Mumbai: India’s state-run banks—already bruised by the sprawling Punjab National Bank (PNB) fraud case and soaring provisions for bad loans—are facing much higher losses on their bond holdings, said brokerage firm Credit Suisse.
The brokerage warned that state-run banks, which are typically the largest investors in sovereign securities, could lose more than Rs20,000 crore ($3.1 billion) in the January-March quarter, due to a continued spike in bond yields and as they held more bonds than are required by the regulator.
That would be three times more than their losses on bonds in the preceding quarter.
The brokerage report, coupled with a stream of negative news on the banking sector, sent financial shares tumbling further on Wednesday.
This comes close on the heels of news on Tuesday that Indian investigators have widened a probe into the $2 billion PNB fraud—the biggest bank fraud in the country’s history by summoning top management of more banks.
It also adds to the woes of the sector which saw sour loans hit a record of close to $150 billion in 2017, triggering a $32 billion bailout announcement from the government.
New Delhi is in the process of injecting $14 billion of the recapitalisation outlay into the banks during the current quarter, which is also the deadline for the lenders to achieve a central bank-mandated minimum 50% provisioning on the loans to companies in bankruptcy court.
“Rising bond losses will add to concerns about the adequacy of the recap plan," Credit Suisse analysts led by Ashish Gupta wrote in a March 6 note to clients, adding they continued to prefer private sector banks despite a steep corrections in the state bank stocks.
State bank shares fell 3.7% by 11.55am, extending losses from the previous session.
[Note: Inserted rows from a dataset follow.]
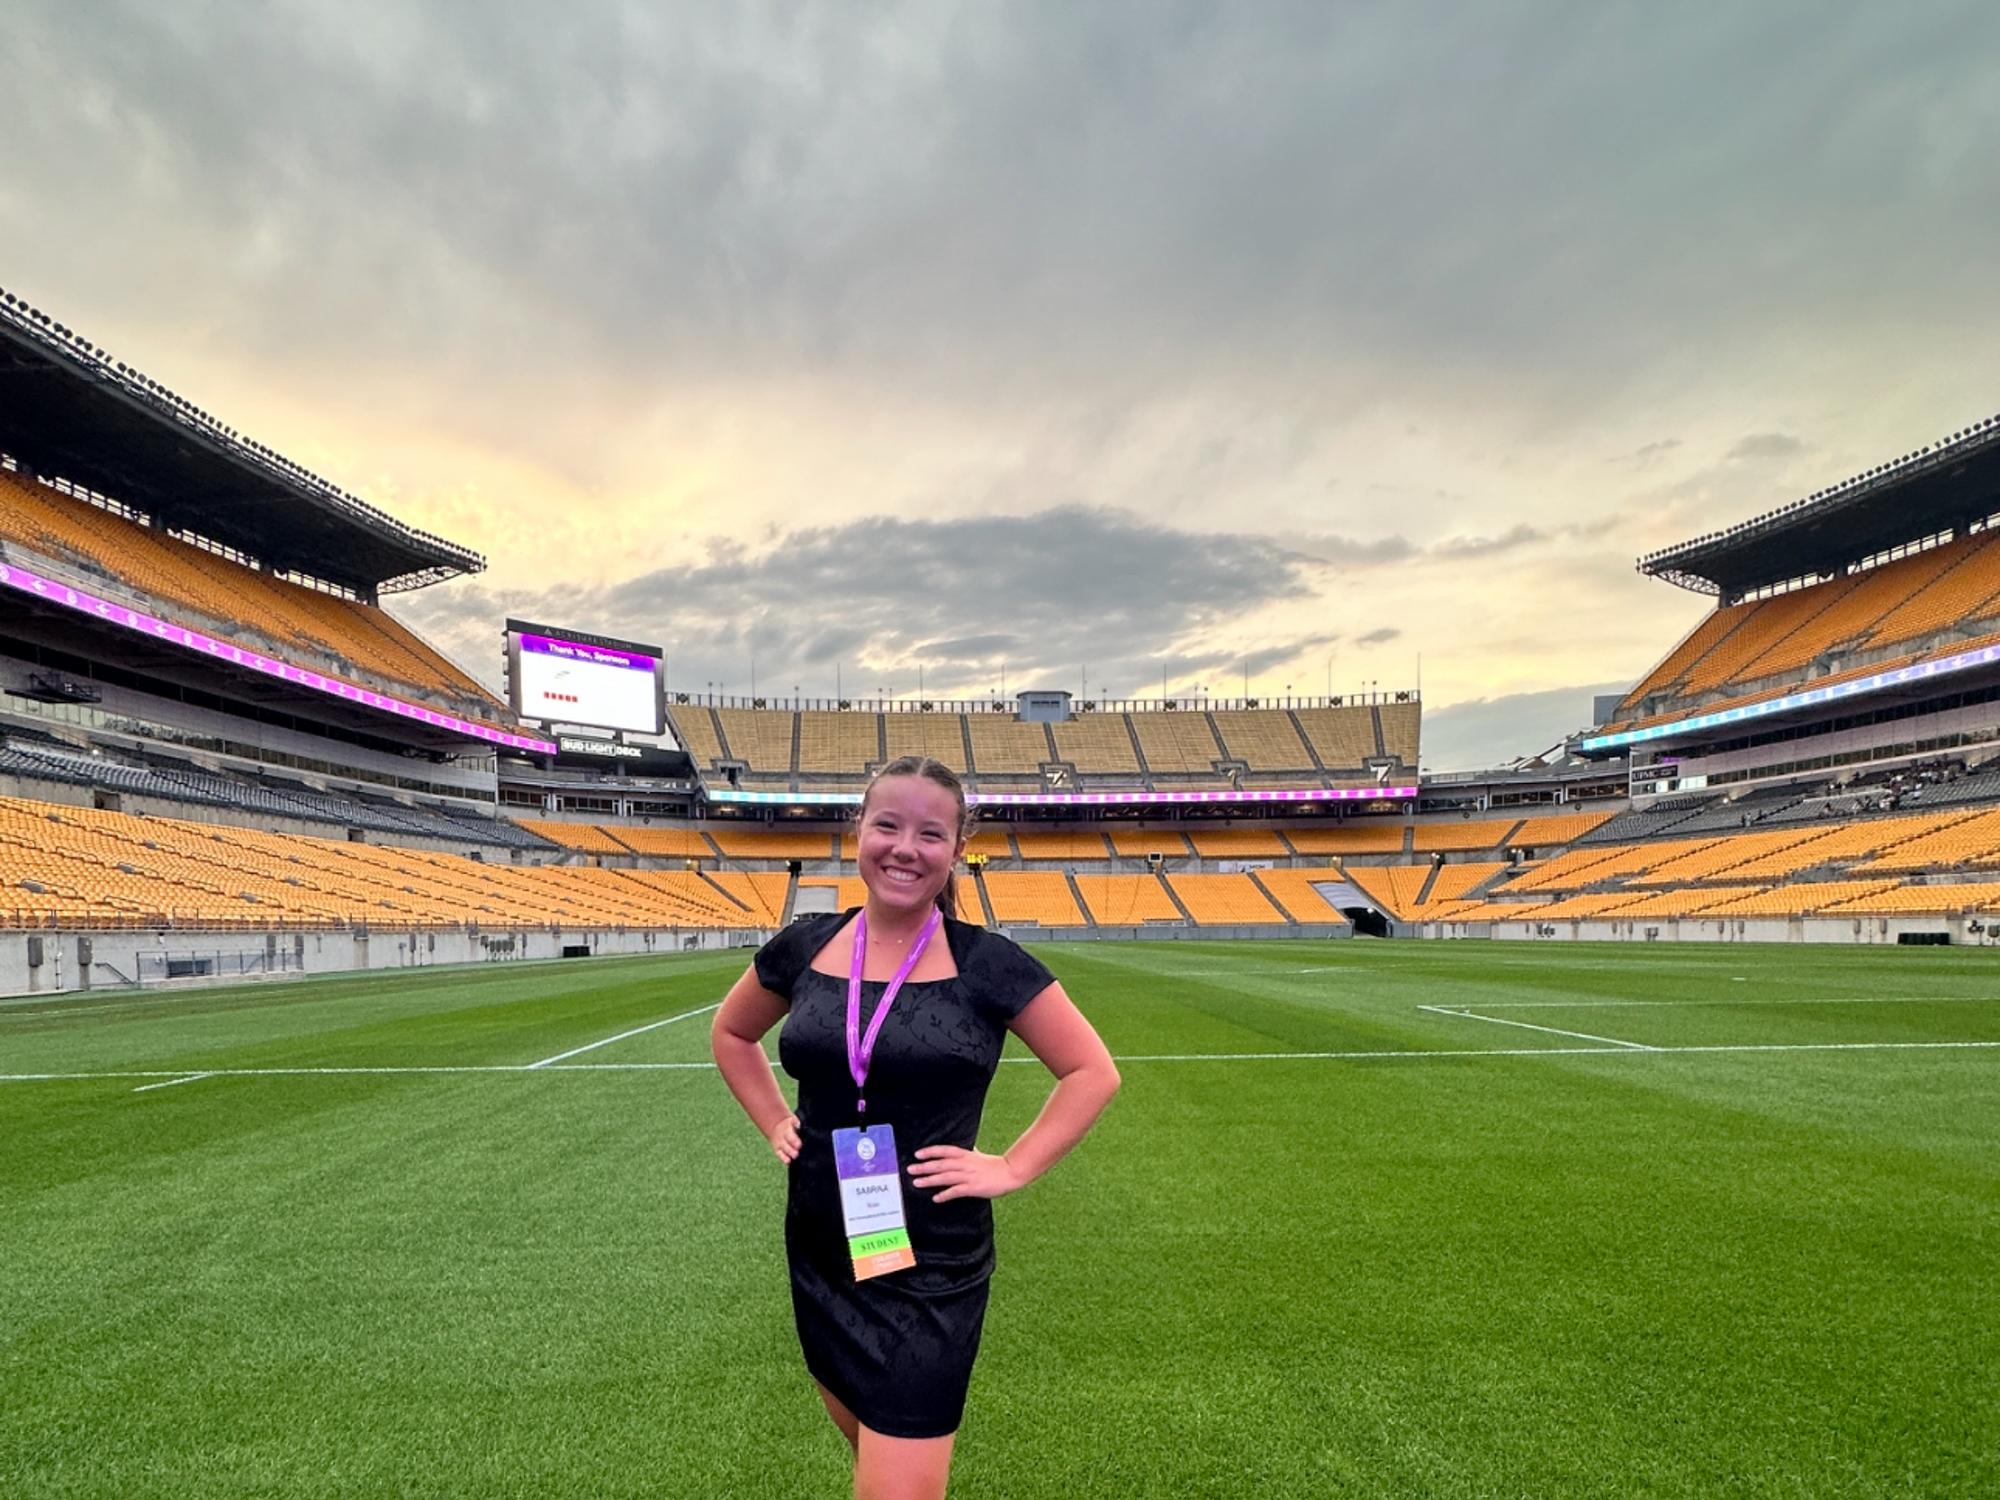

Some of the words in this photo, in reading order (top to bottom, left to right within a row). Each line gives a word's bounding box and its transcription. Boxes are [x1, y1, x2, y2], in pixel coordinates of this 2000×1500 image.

[548, 642, 574, 655] Thank
[593, 651, 630, 665] Sponsors
[562, 739, 583, 751] BUD
[586, 742, 614, 755] LIGHT
[616, 746, 642, 757] DECK
[856, 1184, 888, 1195] SABRINA
[861, 1237, 899, 1251] STUDENT
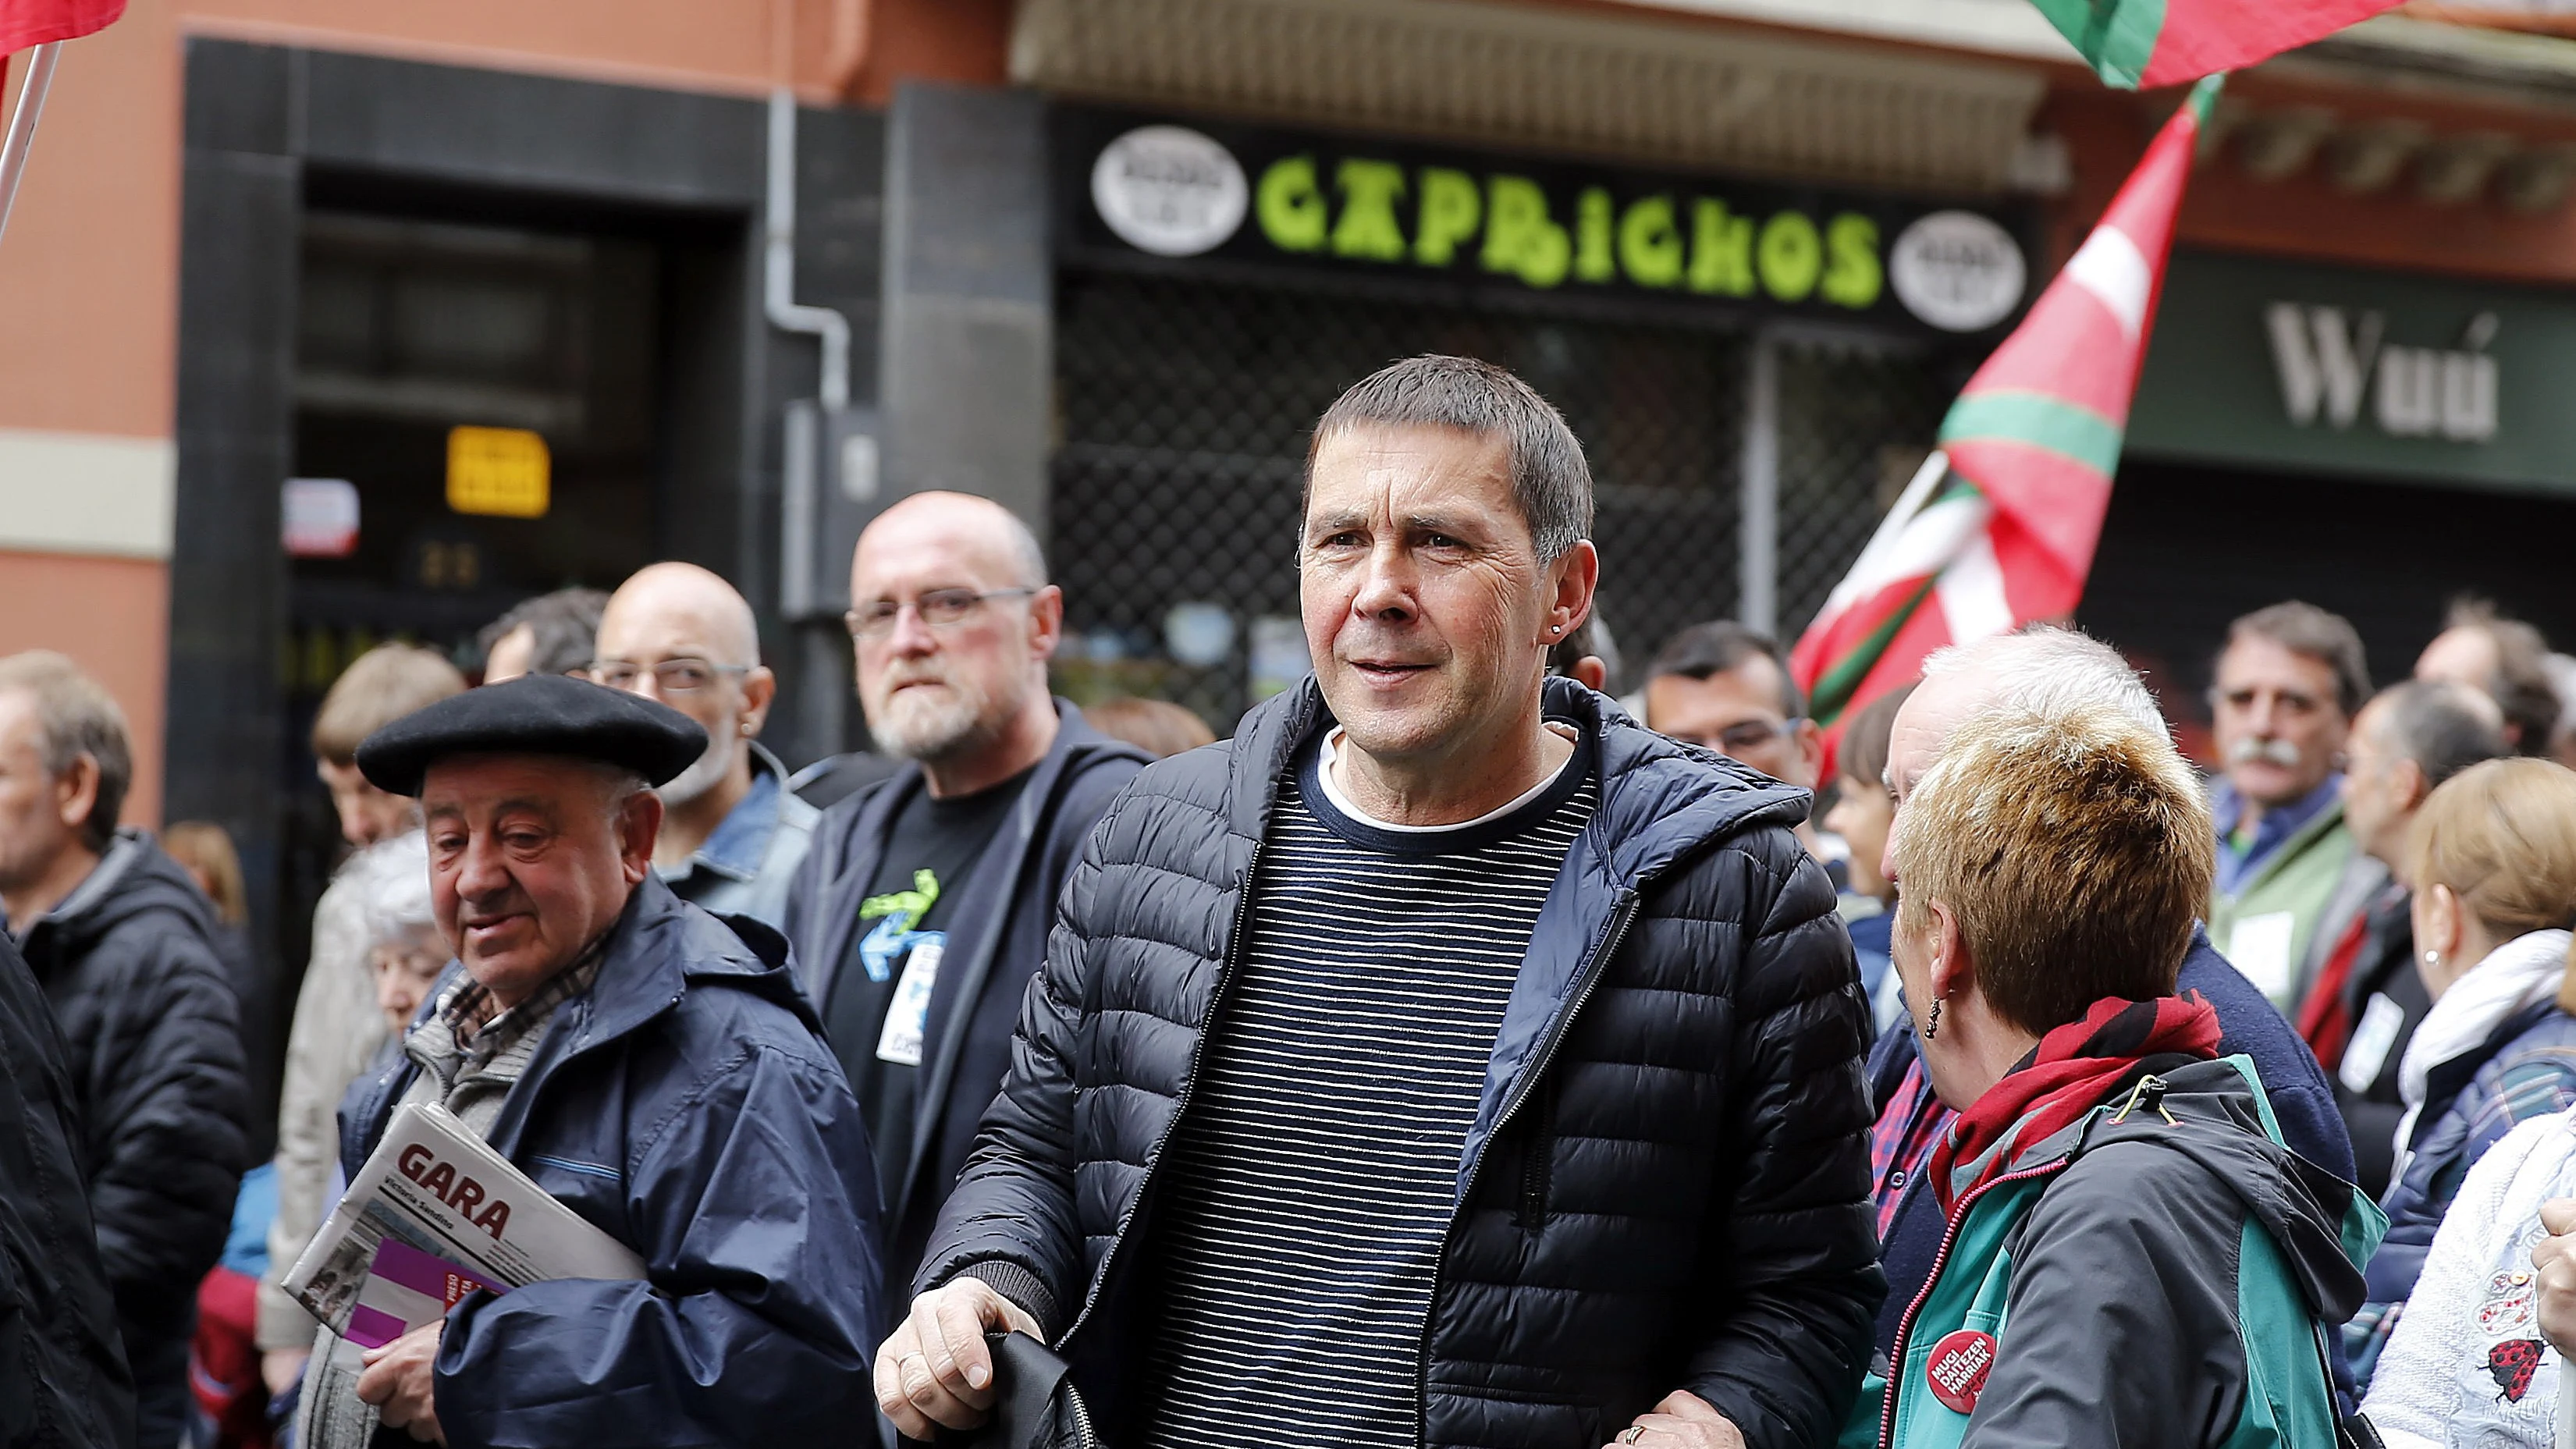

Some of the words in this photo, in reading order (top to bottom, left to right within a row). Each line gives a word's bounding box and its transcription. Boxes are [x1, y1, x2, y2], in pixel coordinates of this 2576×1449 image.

[2269, 301, 2499, 442] Wuú
[385, 1175, 417, 1204] Victoria
[418, 1201, 454, 1230] Sandino
[398, 1143, 510, 1241] GARA
[1931, 1348, 1961, 1380] MUGI
[1939, 1337, 1987, 1388] DAITEZEN
[1947, 1348, 1992, 1395] HARRIAK
The index has slumped more than a third since hitting a multi-year high on 26 October last year after the recapitalisation announcement.
The benchmark 10-year bond yield has risen as much as 48 basis points so far in January-March, leaving bond prices on track for their third straight quarter of losses.
Credit Suisse estimates that India’s state banks hold on an average about 10% more sovereign bonds than required by regulations, putting bank bond holdings at the highest level in 12 years.
The firm said the spike in bond holdings has been driven by weak loan growth and a surge in liquidity after a surprise bank note ban in late 2016 prompted banks to pile up on bonds.
The Reserve Bank of India may need to act to help contain the mark-to-market blow for the banks, the brokerage said, suggesting it could either raise the held-to-maturity threshold or buy back treasuries.